* _Input data_:

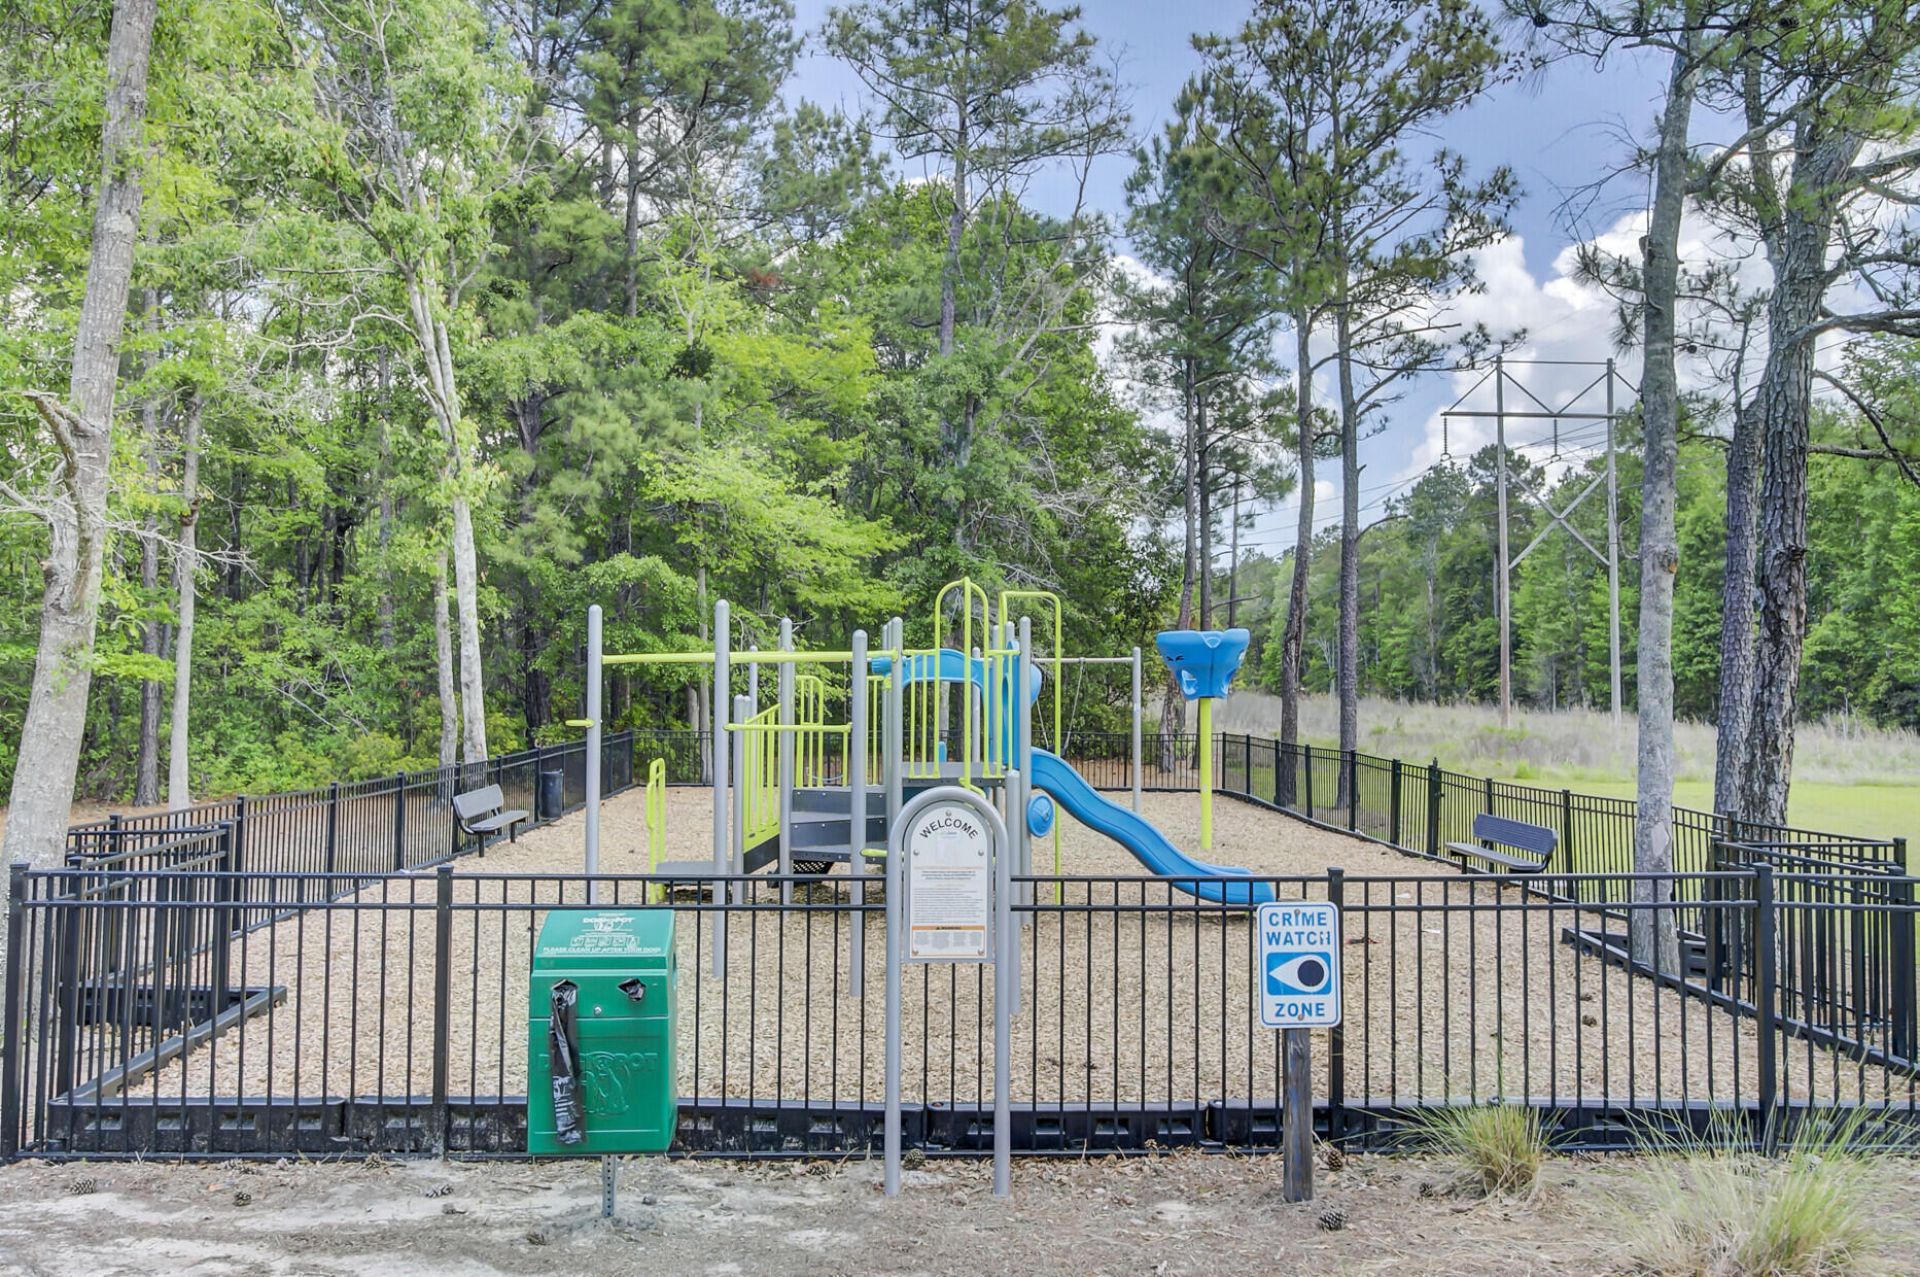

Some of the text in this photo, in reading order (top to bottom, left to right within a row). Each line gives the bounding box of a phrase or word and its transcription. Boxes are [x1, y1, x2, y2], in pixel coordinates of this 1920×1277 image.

[920, 818, 978, 840] WELCOME
[1268, 911, 1327, 926] CRIME
[1266, 931, 1331, 946] WATCH
[1275, 1002, 1325, 1017] ZONE

* _Work request_: Print the material above verbatim except the pictures.

* _Response area_:
Some of the text in this photo, in reading order (top to bottom, left to right within a row). Each line gives the bounding box of a phrase or word and its transcription. Boxes are [x1, y1, x2, y2], in pixel coordinates of this 1920×1277 image.

[920, 818, 978, 840] WELCOME
[1268, 911, 1327, 926] CRIME
[1266, 931, 1331, 946] WATCH
[1275, 1002, 1325, 1017] ZONE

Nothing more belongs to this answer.